◆ **YOUR ASSIGNMENT**:
For this exercise, print the listing below exactly, without its pictures.

◆ **MATERIAL TO PROCESS**:

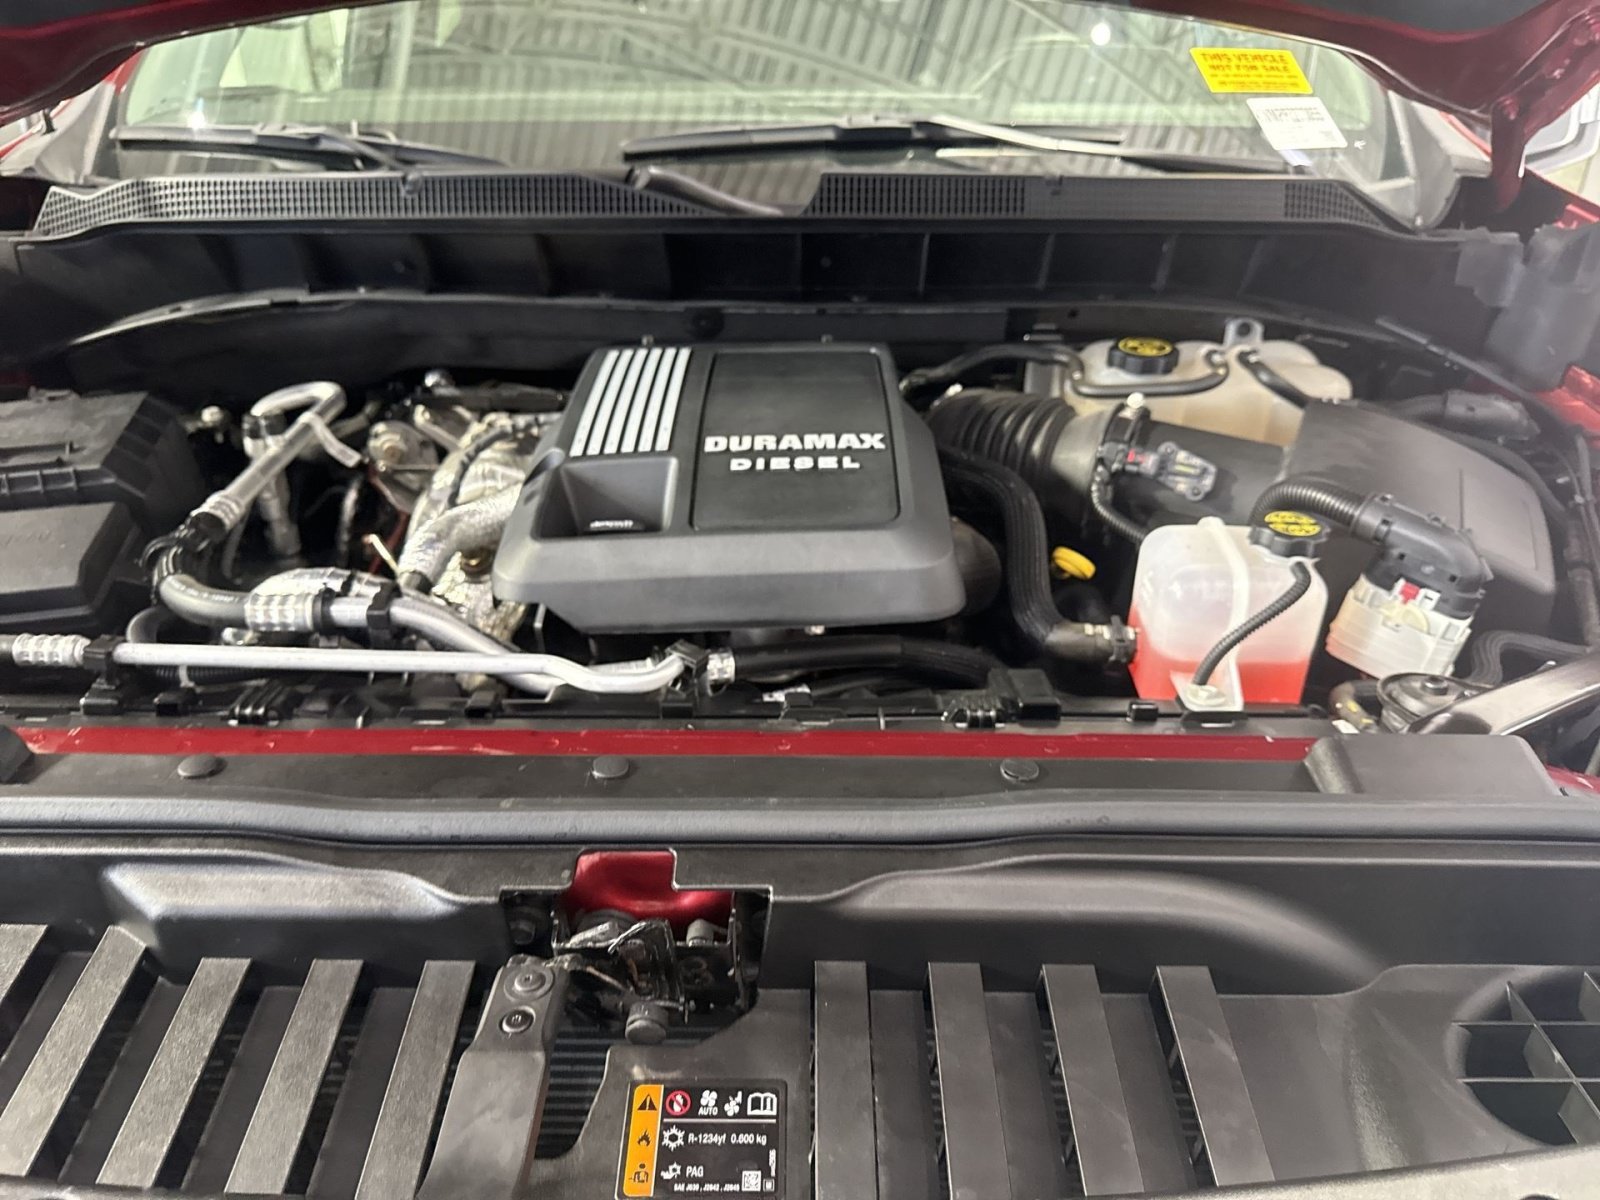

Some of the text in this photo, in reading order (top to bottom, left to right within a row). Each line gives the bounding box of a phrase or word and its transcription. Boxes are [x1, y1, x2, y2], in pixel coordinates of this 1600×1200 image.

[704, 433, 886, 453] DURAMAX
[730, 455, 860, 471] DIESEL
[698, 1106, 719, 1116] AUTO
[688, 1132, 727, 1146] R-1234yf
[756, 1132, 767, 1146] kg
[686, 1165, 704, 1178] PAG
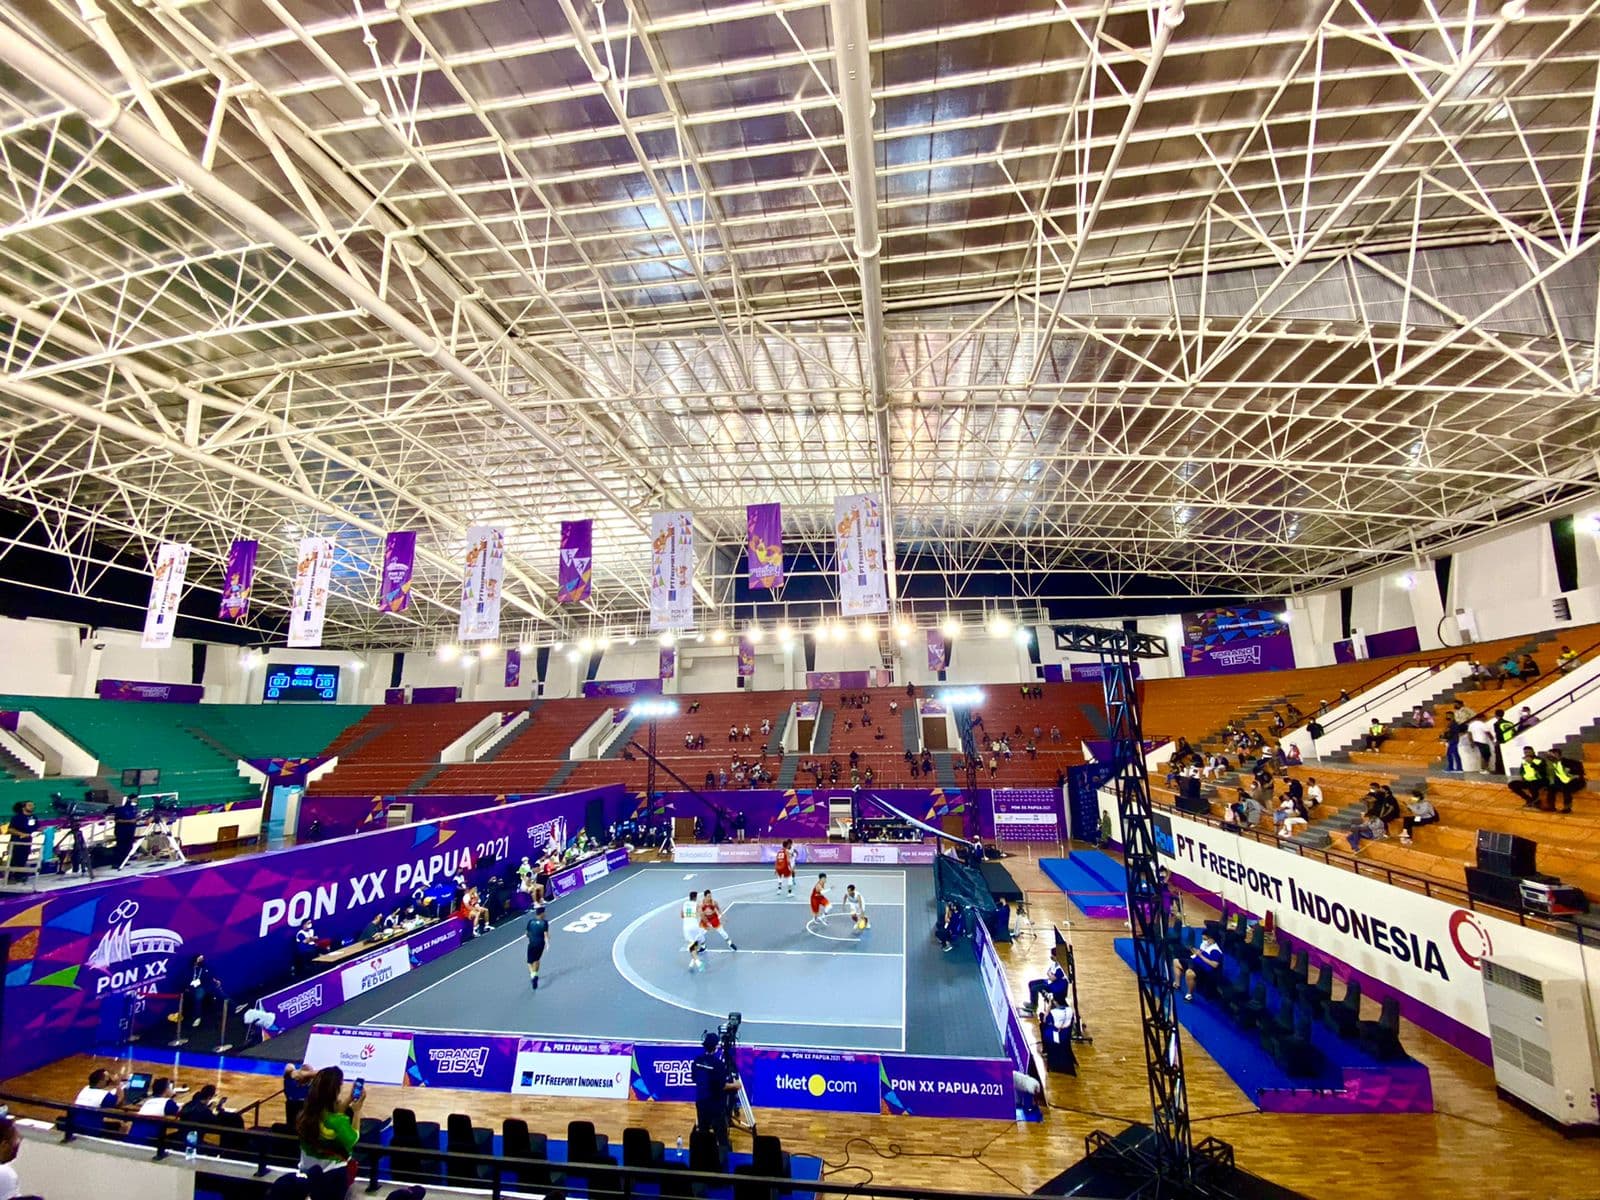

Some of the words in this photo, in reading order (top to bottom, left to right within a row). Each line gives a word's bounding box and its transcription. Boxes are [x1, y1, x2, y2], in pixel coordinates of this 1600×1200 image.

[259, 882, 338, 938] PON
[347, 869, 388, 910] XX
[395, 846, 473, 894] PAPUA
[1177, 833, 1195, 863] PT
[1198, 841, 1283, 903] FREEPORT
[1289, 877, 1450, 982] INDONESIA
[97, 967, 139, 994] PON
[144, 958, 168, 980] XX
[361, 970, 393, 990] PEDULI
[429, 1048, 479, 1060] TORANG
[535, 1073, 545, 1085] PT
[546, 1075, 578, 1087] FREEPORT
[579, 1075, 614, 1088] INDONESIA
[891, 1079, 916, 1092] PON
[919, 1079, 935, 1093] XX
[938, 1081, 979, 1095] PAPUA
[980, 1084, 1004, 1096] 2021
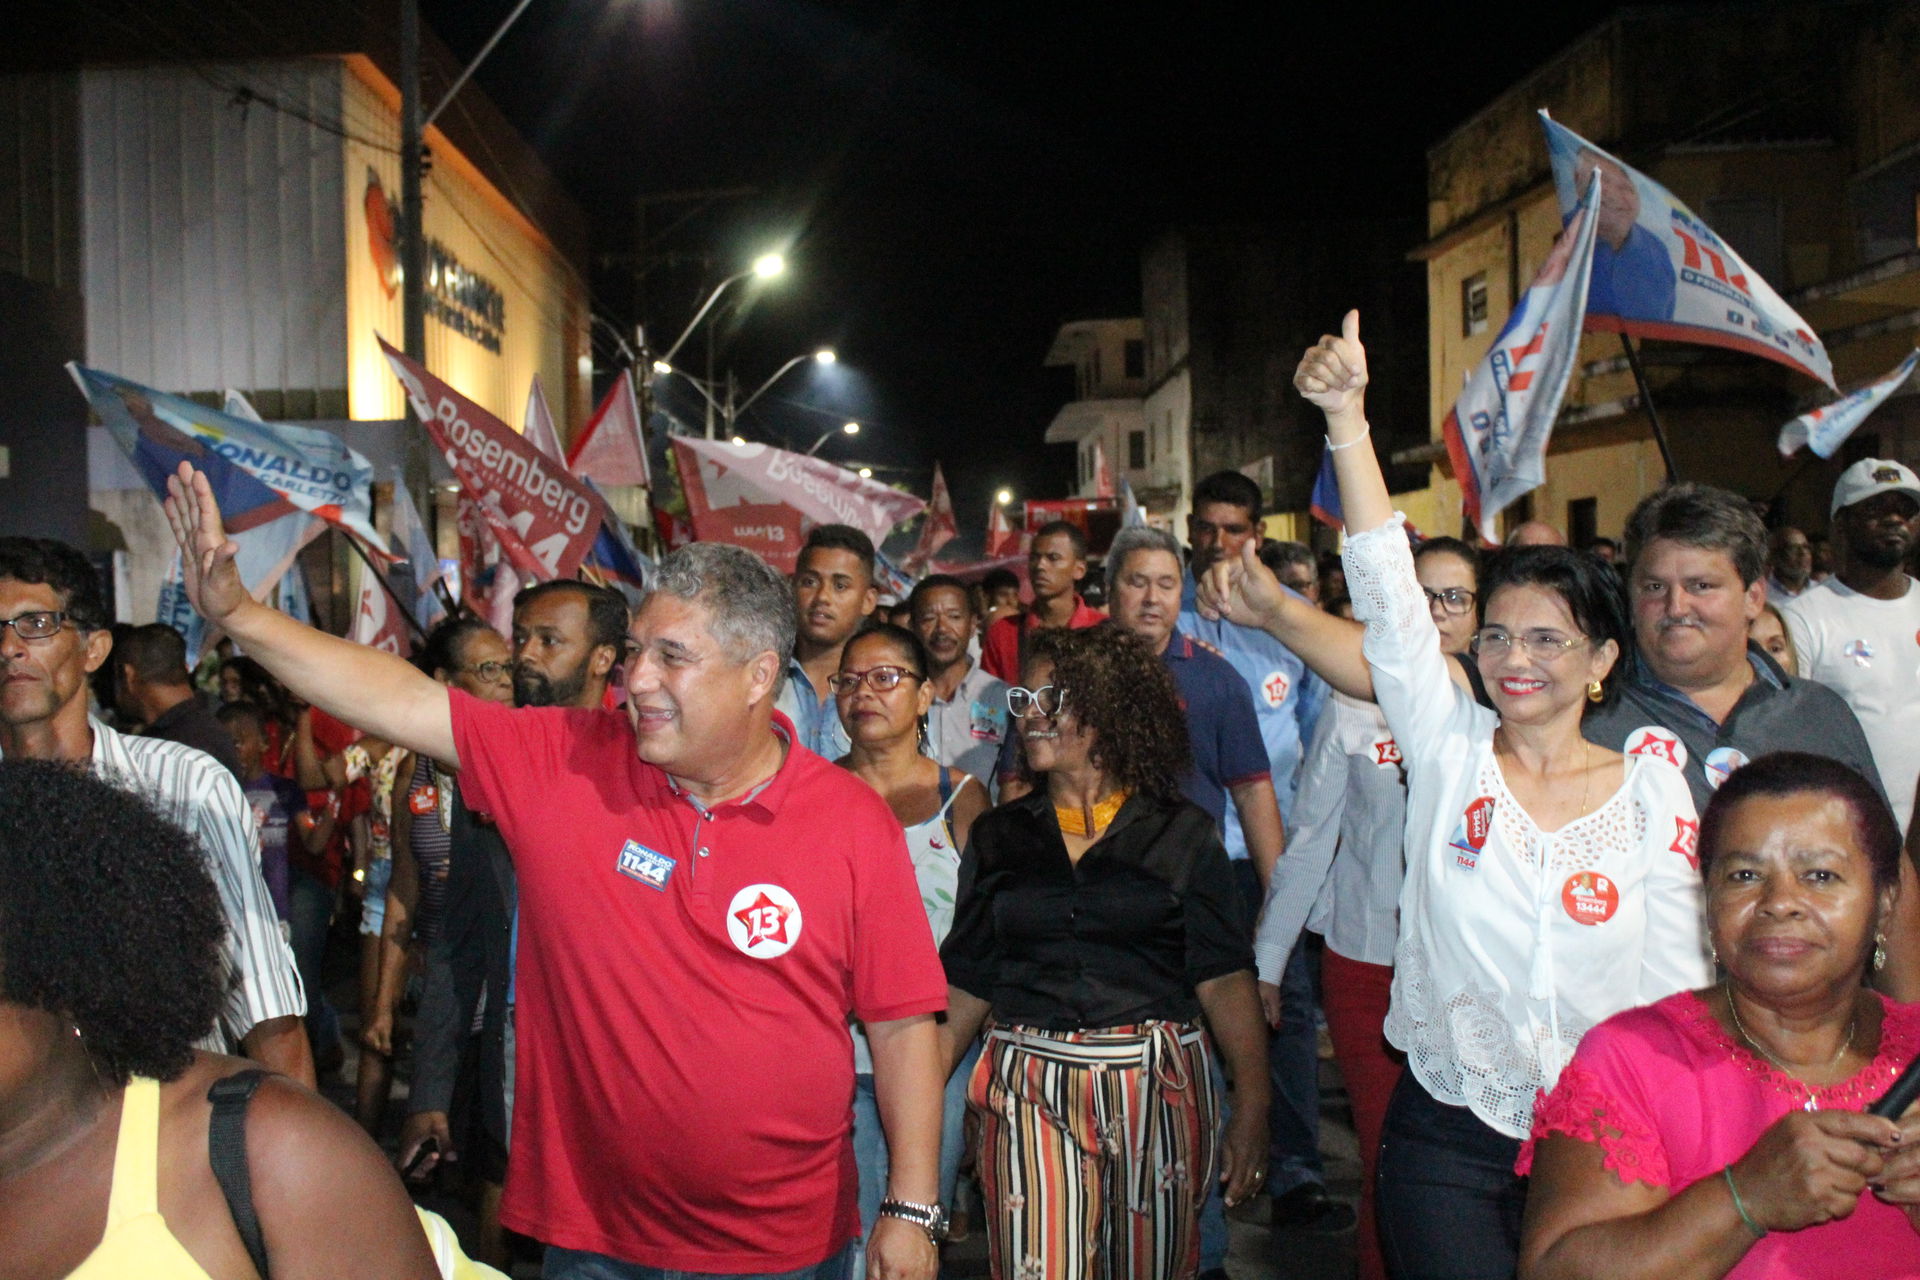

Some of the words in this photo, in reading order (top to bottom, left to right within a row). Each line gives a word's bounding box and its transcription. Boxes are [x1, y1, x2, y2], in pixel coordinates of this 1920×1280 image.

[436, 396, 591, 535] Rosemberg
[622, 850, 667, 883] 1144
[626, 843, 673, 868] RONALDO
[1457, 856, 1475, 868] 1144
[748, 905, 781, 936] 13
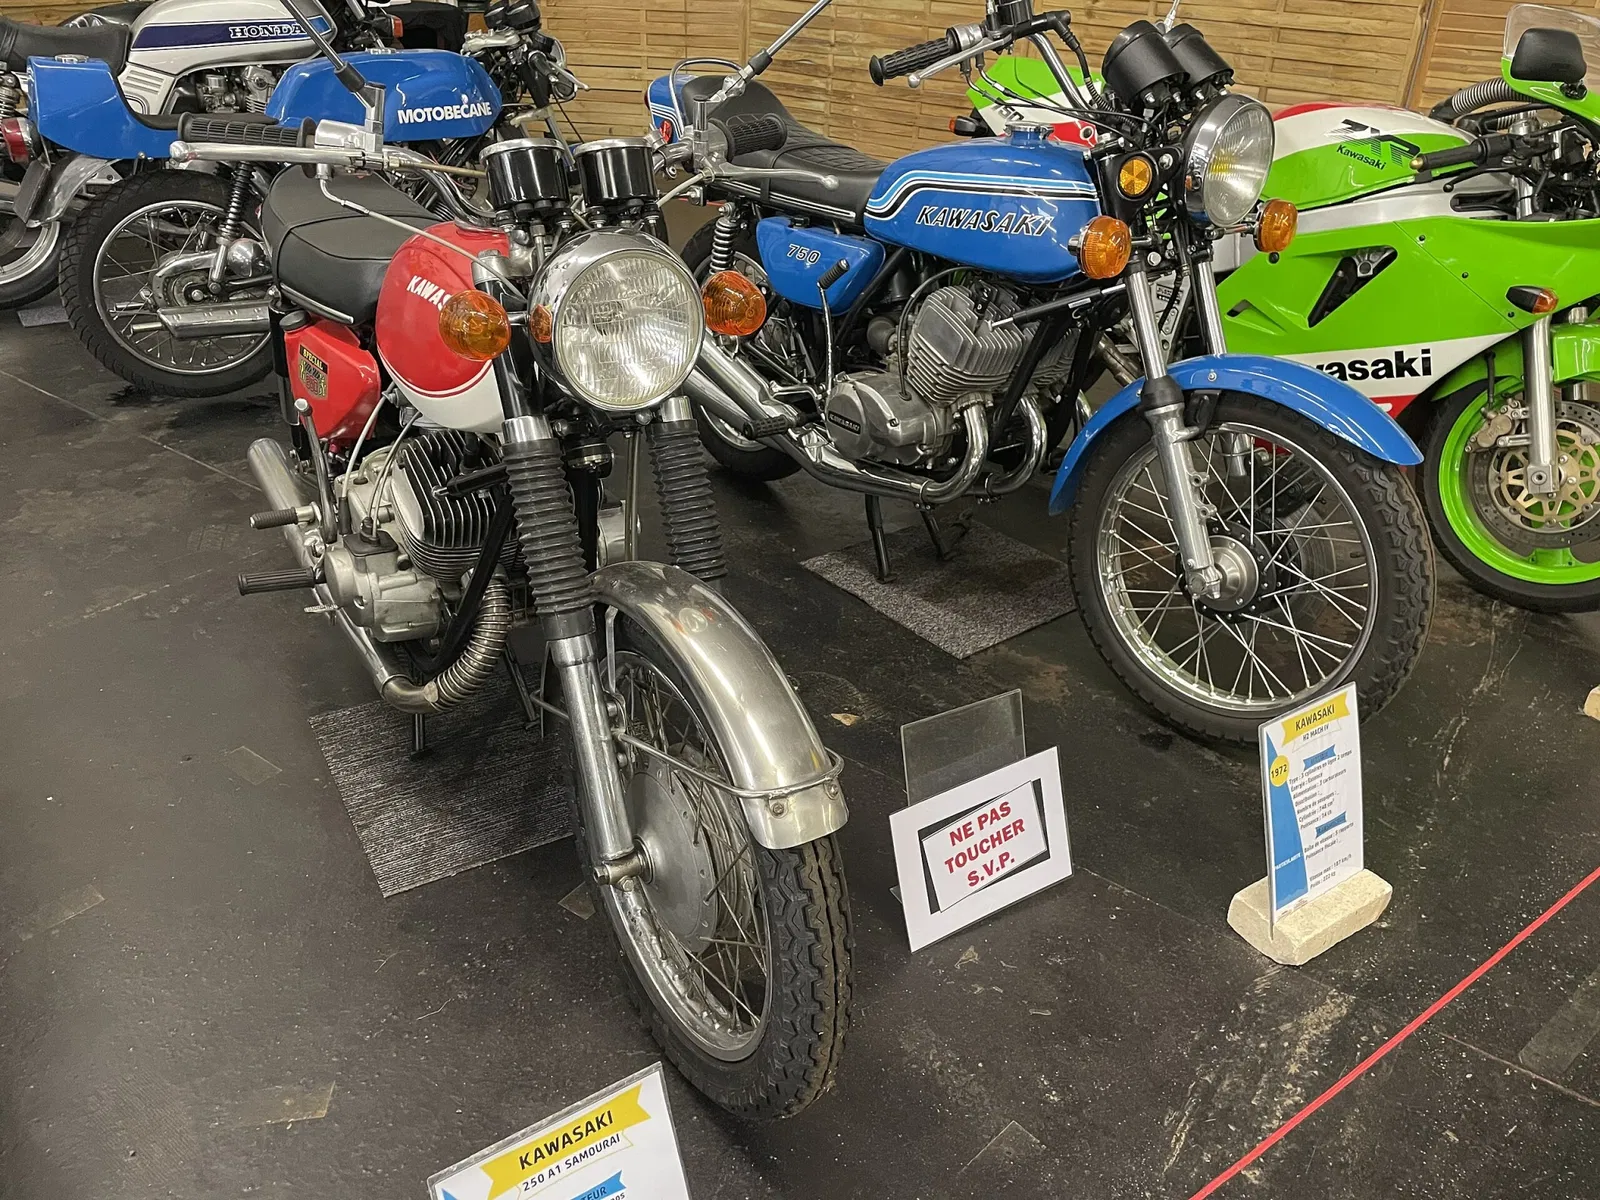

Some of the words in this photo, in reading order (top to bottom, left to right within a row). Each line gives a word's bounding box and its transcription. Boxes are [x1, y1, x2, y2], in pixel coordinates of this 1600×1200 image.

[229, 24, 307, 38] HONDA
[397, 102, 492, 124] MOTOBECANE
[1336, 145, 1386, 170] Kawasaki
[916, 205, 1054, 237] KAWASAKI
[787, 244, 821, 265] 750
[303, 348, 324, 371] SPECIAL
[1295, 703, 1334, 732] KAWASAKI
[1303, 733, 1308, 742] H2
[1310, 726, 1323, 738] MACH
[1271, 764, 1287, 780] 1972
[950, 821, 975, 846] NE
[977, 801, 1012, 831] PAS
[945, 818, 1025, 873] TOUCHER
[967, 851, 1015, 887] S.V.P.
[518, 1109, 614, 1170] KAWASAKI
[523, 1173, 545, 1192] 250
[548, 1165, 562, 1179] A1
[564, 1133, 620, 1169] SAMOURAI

◆ **EXERCISE OUTPUT**:
Some of the text in this photo, in reading order (top to bottom, left to right within a row). Each line gives the bounding box of a phrase or word and its transcription. Boxes are [x1, y1, x2, y2], in pixel coordinates of this 1600×1200 image.

[704, 433, 886, 453] DURAMAX
[730, 455, 860, 471] DIESEL
[698, 1106, 719, 1116] AUTO
[688, 1132, 727, 1146] R-1234yf
[756, 1132, 767, 1146] kg
[686, 1165, 704, 1178] PAG

Some of the words in this photo, in reading order (top to bottom, left to right within a row). Each line gives a word's bounding box and its transcription. Boxes are [x1, y1, x2, y2], in pixel coordinates of this 1600×1200 image.

[259, 882, 338, 938] PON
[347, 869, 388, 910] XX
[395, 846, 473, 894] PAPUA
[1177, 833, 1195, 863] PT
[1198, 841, 1283, 903] FREEPORT
[1289, 877, 1450, 982] INDONESIA
[97, 967, 139, 994] PON
[144, 958, 168, 980] XX
[361, 970, 393, 990] PEDULI
[429, 1048, 479, 1060] TORANG
[535, 1073, 545, 1085] PT
[546, 1075, 578, 1087] FREEPORT
[579, 1075, 614, 1088] INDONESIA
[891, 1079, 916, 1092] PON
[919, 1079, 935, 1093] XX
[938, 1081, 979, 1095] PAPUA
[980, 1084, 1004, 1096] 2021

Some of the words in this photo, in reading order (top to bottom, left to right within a row). Each line gives a word's bounding box and its transcription. Boxes are [x1, y1, x2, y2], in pixel coordinates of this 1920×1280 image.

[436, 396, 591, 535] Rosemberg
[622, 850, 667, 883] 1144
[626, 843, 673, 868] RONALDO
[1457, 856, 1475, 868] 1144
[748, 905, 781, 936] 13

Some of the words in this photo, in reading order (top to bottom, left to right within a row). Each line gives a word's bounding box and its transcription. Boxes are [x1, y1, x2, y2], in pixel coordinates of this 1600×1200 image.

[229, 24, 307, 38] HONDA
[397, 102, 492, 124] MOTOBECANE
[1336, 145, 1386, 170] Kawasaki
[916, 205, 1054, 237] KAWASAKI
[787, 244, 821, 265] 750
[303, 348, 324, 371] SPECIAL
[1295, 703, 1334, 732] KAWASAKI
[1303, 733, 1308, 742] H2
[1310, 726, 1323, 738] MACH
[1271, 764, 1287, 780] 1972
[950, 821, 975, 846] NE
[977, 801, 1012, 831] PAS
[945, 818, 1025, 873] TOUCHER
[967, 851, 1015, 887] S.V.P.
[518, 1109, 614, 1170] KAWASAKI
[523, 1173, 545, 1192] 250
[548, 1165, 562, 1179] A1
[564, 1133, 620, 1169] SAMOURAI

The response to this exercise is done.